**WHAT IS BEING ASKED:** Although the entries contain pictures, write out only their text, exactly as it stands.

Annotated photo localization data
------------------------
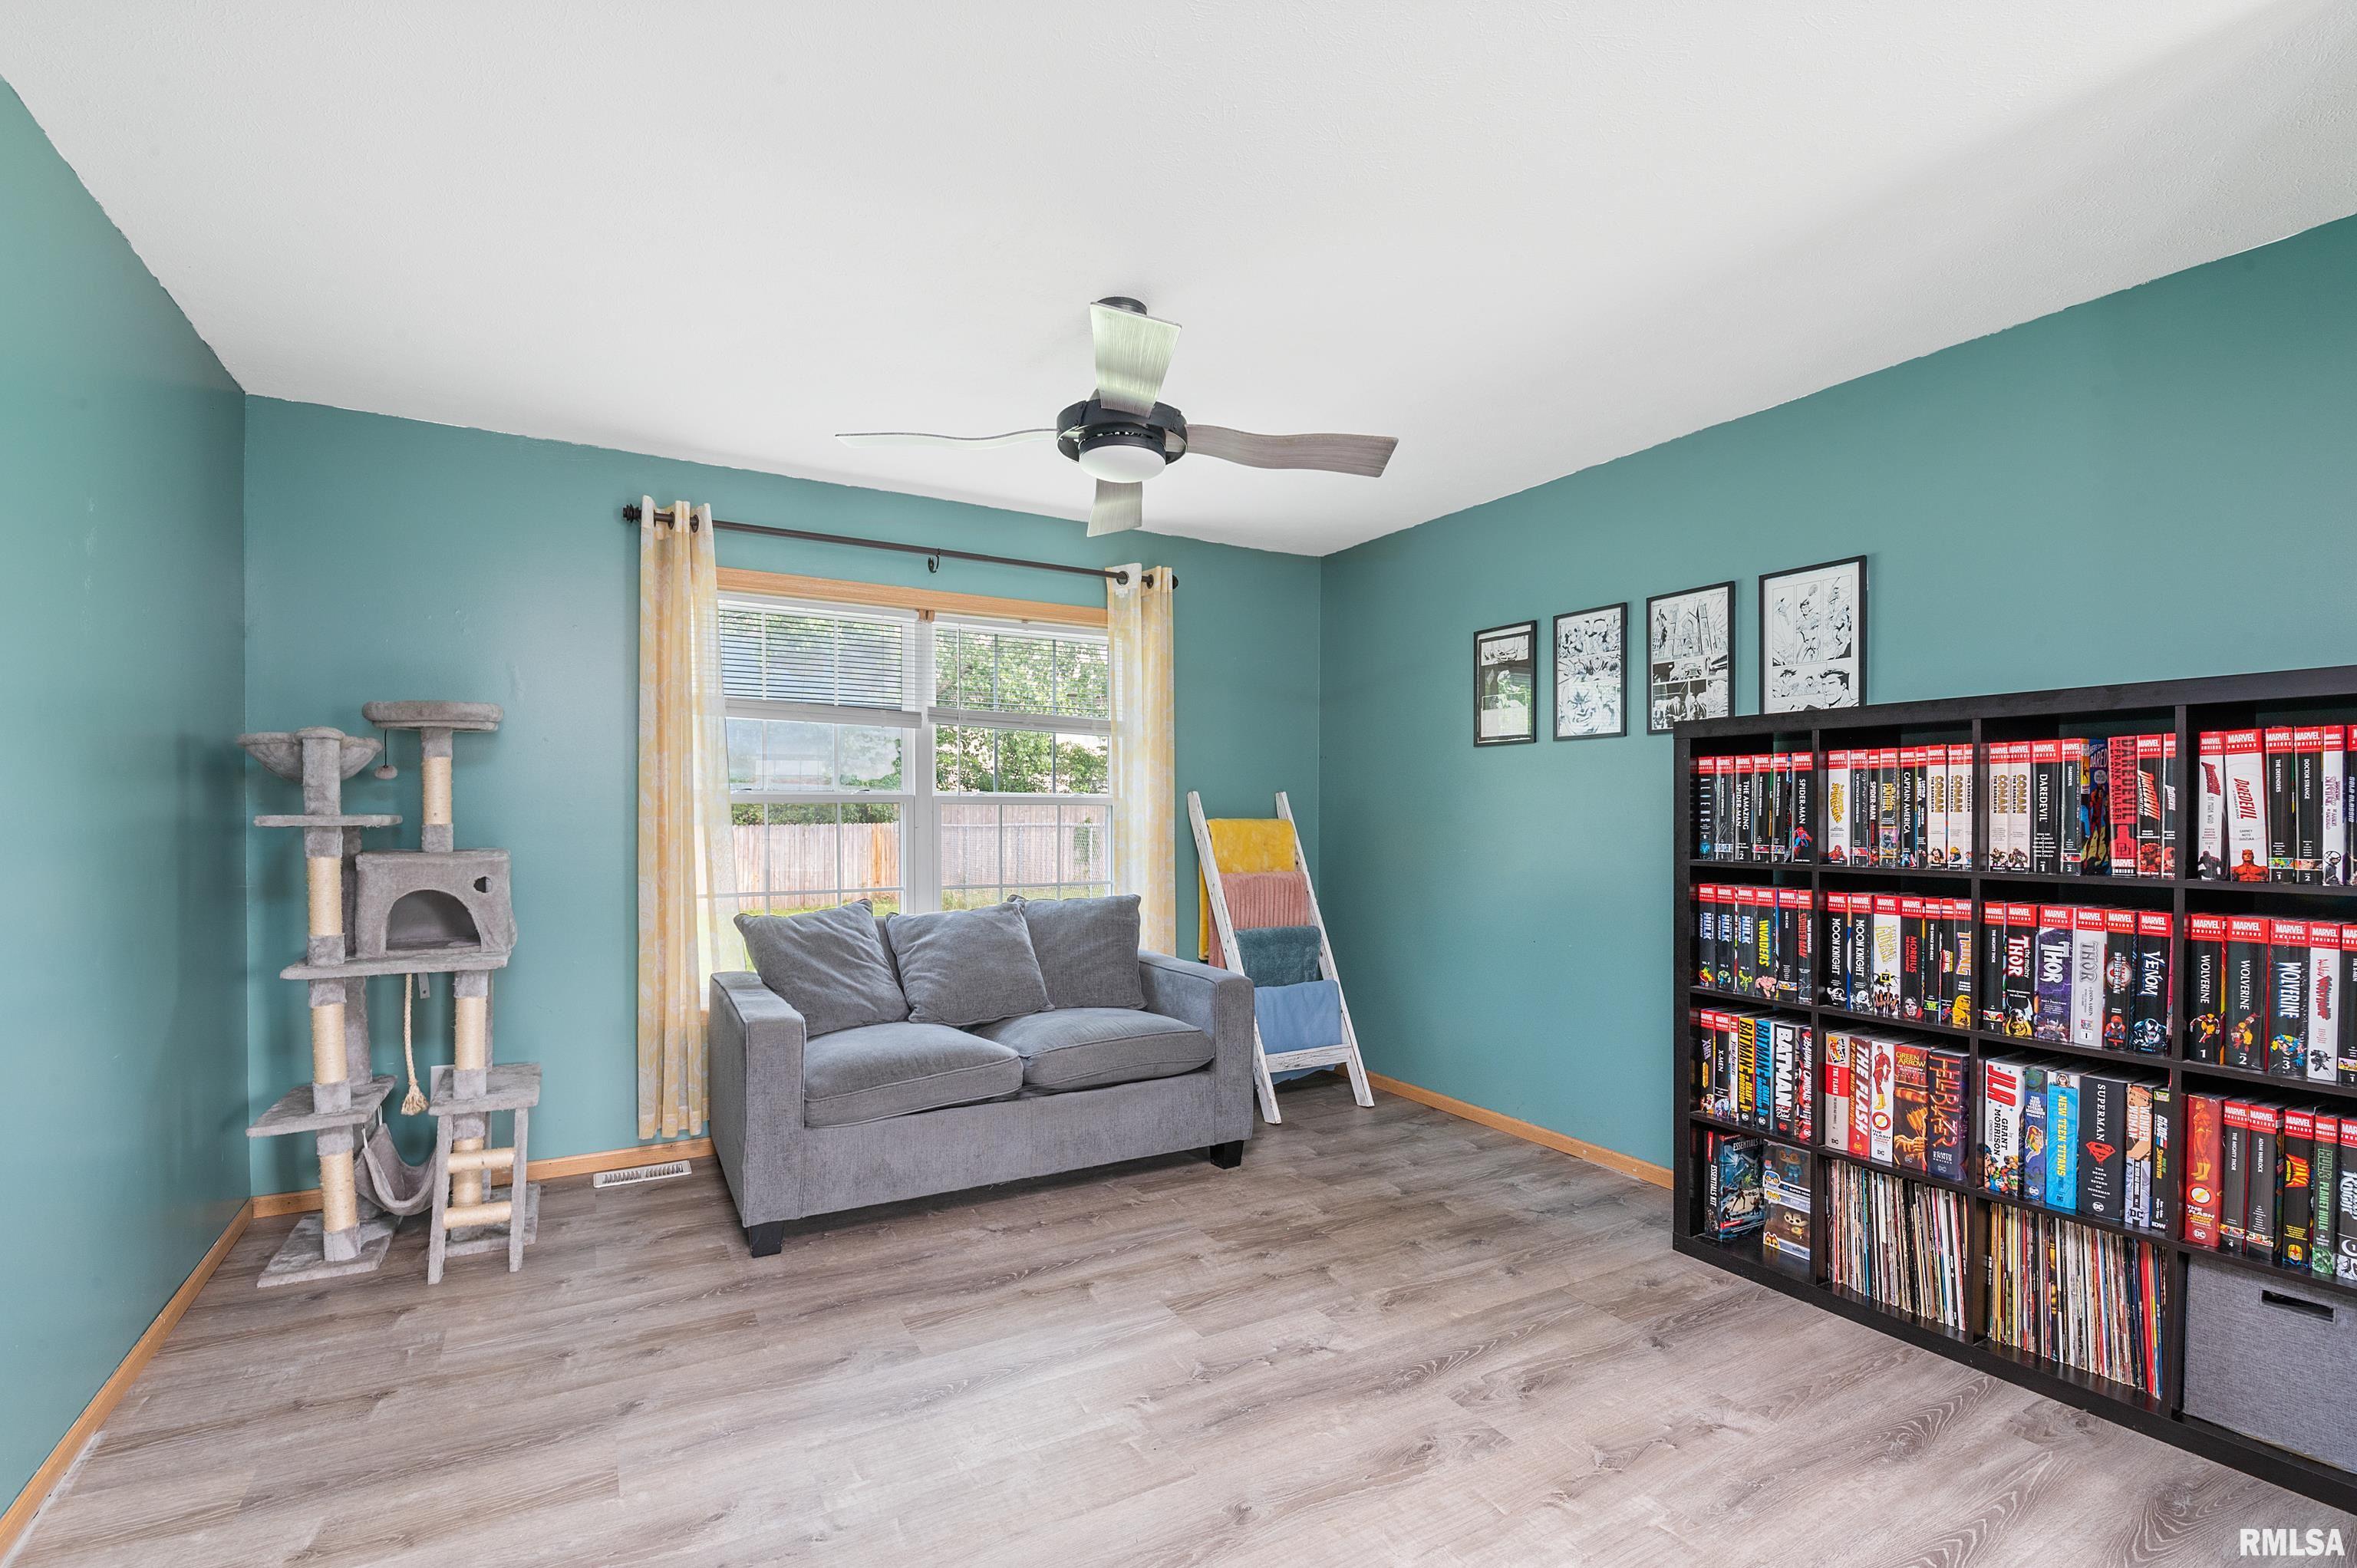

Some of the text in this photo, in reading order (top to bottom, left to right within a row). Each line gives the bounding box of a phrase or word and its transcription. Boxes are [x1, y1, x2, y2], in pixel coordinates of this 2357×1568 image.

[2228, 732, 2256, 743] MARVEL
[2266, 732, 2291, 741] MARVEL
[2294, 731, 2320, 740] MARVEL
[1935, 776, 1944, 813] CONAN
[1953, 775, 1963, 812] CONAN
[1998, 775, 2008, 814] CONAN
[2016, 774, 2027, 814] CONAN
[2121, 740, 2136, 820] DAREDEVIL
[1699, 778, 1711, 822] ALIENS
[1882, 783, 1894, 811] PANTHER
[2039, 774, 2049, 822] DAREDEVIL
[2233, 778, 2257, 819] DAREDEVIL
[2111, 858, 2135, 867] MARVEL
[1742, 916, 1751, 945] HULK
[2045, 910, 2067, 919] MARVEL
[2078, 911, 2101, 921] MARVEL
[2108, 913, 2132, 923] MARVEL
[2141, 914, 2166, 925] MARVEL
[2193, 919, 2220, 929] MARVEL
[2233, 921, 2260, 931] MARVEL
[2276, 924, 2303, 934] MARVEL
[1759, 920, 1769, 967] INVADERS
[1798, 913, 1808, 958] SPIDER-MAN
[1832, 918, 1841, 946] MOON
[1855, 919, 1864, 947] MOON
[1875, 927, 1892, 964] MUTANTS
[2312, 928, 2338, 937] MARVEL
[1855, 947, 1864, 977] KNIGHT
[1956, 931, 1972, 976] THING
[2009, 934, 2030, 977] THOR
[2041, 940, 2072, 983] THOR
[2079, 942, 2099, 983] THOR
[2113, 952, 2121, 994] SPIDER-MAN
[2141, 951, 2165, 997] VENOM
[2200, 954, 2210, 1004] WOLVERINE
[2240, 960, 2250, 1010] WOLVERINE
[2277, 962, 2302, 1019] WOLVERINE
[1739, 1020, 1752, 1069] BATMAN
[1756, 1023, 1770, 1072] BATMAN
[1895, 1051, 1920, 1061] GREEN
[2200, 1049, 2207, 1059] 1
[2239, 1056, 2247, 1065] 2
[1775, 1027, 1792, 1108] BATMAN
[1897, 1057, 1926, 1068] ARROW
[2282, 1060, 2290, 1069] 3
[1855, 1043, 1869, 1136] THE FLASH
[1987, 1064, 2016, 1106] JLA
[1929, 1055, 1960, 1148] HELLBLAZER
[2059, 1095, 2067, 1117] NEW
[2096, 1083, 2106, 1141] SUPERMAN
[2225, 1106, 2247, 1116] MARVEL
[2250, 1110, 2274, 1122] MARVEL
[2058, 1117, 2067, 1143] TEEN
[2128, 1106, 2139, 1138] WOMAN
[2139, 1106, 2150, 1141] WONDER
[2286, 1115, 2311, 1128] MARVEL
[1732, 1138, 1759, 1151] ESSENTIALS
[2056, 1145, 2067, 1177] TITANS
[2286, 1154, 2309, 1188] NOVA
[2317, 1148, 2332, 1230] HULK PLANET HULK
[2130, 1207, 2144, 1220] DC
[2188, 1209, 2214, 1218] FLASH
------------------------
**WORKED SOLUTION:**
Some of the text in this photo, in reading order (top to bottom, left to right within a row). Each line gives the bounding box of a phrase or word and its transcription. Boxes are [x1, y1, x2, y2], in pixel coordinates of this 2357×1568 image.

[2228, 732, 2256, 743] MARVEL
[2266, 732, 2291, 741] MARVEL
[2294, 731, 2320, 740] MARVEL
[1935, 776, 1944, 813] CONAN
[1953, 775, 1963, 812] CONAN
[1998, 775, 2008, 814] CONAN
[2016, 774, 2027, 814] CONAN
[2121, 740, 2136, 820] DAREDEVIL
[1699, 778, 1711, 822] ALIENS
[1882, 783, 1894, 811] PANTHER
[2039, 774, 2049, 822] DAREDEVIL
[2233, 778, 2257, 819] DAREDEVIL
[2111, 858, 2135, 867] MARVEL
[1742, 916, 1751, 945] HULK
[2045, 910, 2067, 919] MARVEL
[2078, 911, 2101, 921] MARVEL
[2108, 913, 2132, 923] MARVEL
[2141, 914, 2166, 925] MARVEL
[2193, 919, 2220, 929] MARVEL
[2233, 921, 2260, 931] MARVEL
[2276, 924, 2303, 934] MARVEL
[1759, 920, 1769, 967] INVADERS
[1798, 913, 1808, 958] SPIDER-MAN
[1832, 918, 1841, 946] MOON
[1855, 919, 1864, 947] MOON
[1875, 927, 1892, 964] MUTANTS
[2312, 928, 2338, 937] MARVEL
[1855, 947, 1864, 977] KNIGHT
[1956, 931, 1972, 976] THING
[2009, 934, 2030, 977] THOR
[2041, 940, 2072, 983] THOR
[2079, 942, 2099, 983] THOR
[2113, 952, 2121, 994] SPIDER-MAN
[2141, 951, 2165, 997] VENOM
[2200, 954, 2210, 1004] WOLVERINE
[2240, 960, 2250, 1010] WOLVERINE
[2277, 962, 2302, 1019] WOLVERINE
[1739, 1020, 1752, 1069] BATMAN
[1756, 1023, 1770, 1072] BATMAN
[1895, 1051, 1920, 1061] GREEN
[2200, 1049, 2207, 1059] 1
[2239, 1056, 2247, 1065] 2
[1775, 1027, 1792, 1108] BATMAN
[1897, 1057, 1926, 1068] ARROW
[2282, 1060, 2290, 1069] 3
[1855, 1043, 1869, 1136] THE FLASH
[1987, 1064, 2016, 1106] JLA
[1929, 1055, 1960, 1148] HELLBLAZER
[2059, 1095, 2067, 1117] NEW
[2096, 1083, 2106, 1141] SUPERMAN
[2225, 1106, 2247, 1116] MARVEL
[2250, 1110, 2274, 1122] MARVEL
[2058, 1117, 2067, 1143] TEEN
[2128, 1106, 2139, 1138] WOMAN
[2139, 1106, 2150, 1141] WONDER
[2286, 1115, 2311, 1128] MARVEL
[1732, 1138, 1759, 1151] ESSENTIALS
[2056, 1145, 2067, 1177] TITANS
[2286, 1154, 2309, 1188] NOVA
[2317, 1148, 2332, 1230] HULK PLANET HULK
[2130, 1207, 2144, 1220] DC
[2188, 1209, 2214, 1218] FLASH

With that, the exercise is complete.